▶ _Your assignment_
What is needed is the full set of records, word for word, with no pictures.

▶ _Data to process_
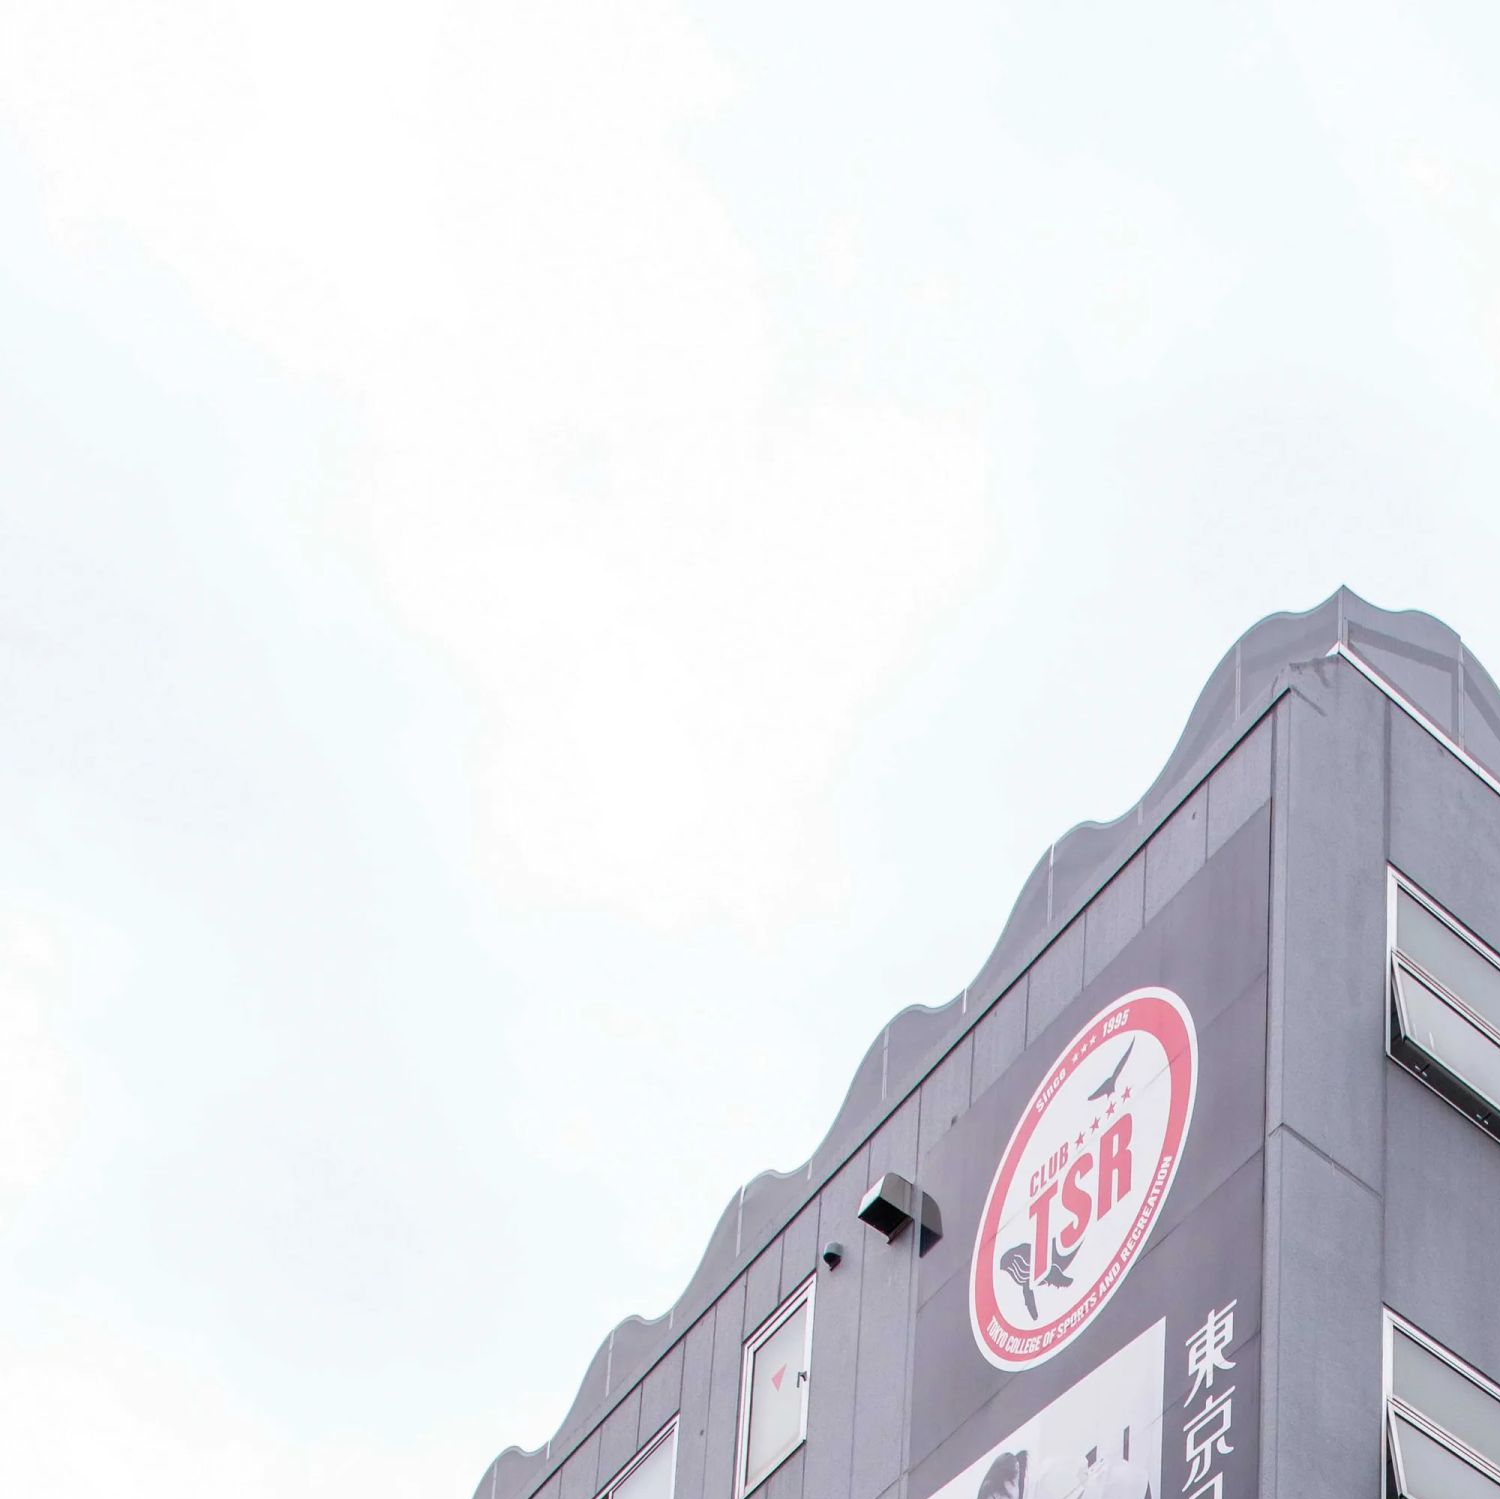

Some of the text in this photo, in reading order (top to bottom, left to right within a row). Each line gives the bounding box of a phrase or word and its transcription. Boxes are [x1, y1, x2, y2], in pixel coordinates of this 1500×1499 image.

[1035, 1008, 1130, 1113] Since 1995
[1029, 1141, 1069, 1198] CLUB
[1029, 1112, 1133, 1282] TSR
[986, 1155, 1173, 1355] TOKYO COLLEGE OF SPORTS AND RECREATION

▶ _Response to the task_
Some of the text in this photo, in reading order (top to bottom, left to right within a row). Each line gives the bounding box of a phrase or word and its transcription. Boxes are [x1, y1, x2, y2], in pixel coordinates of this 1500×1499 image.

[1035, 1008, 1130, 1113] Since 1995
[1029, 1141, 1069, 1198] CLUB
[1029, 1112, 1133, 1282] TSR
[986, 1155, 1173, 1355] TOKYO COLLEGE OF SPORTS AND RECREATION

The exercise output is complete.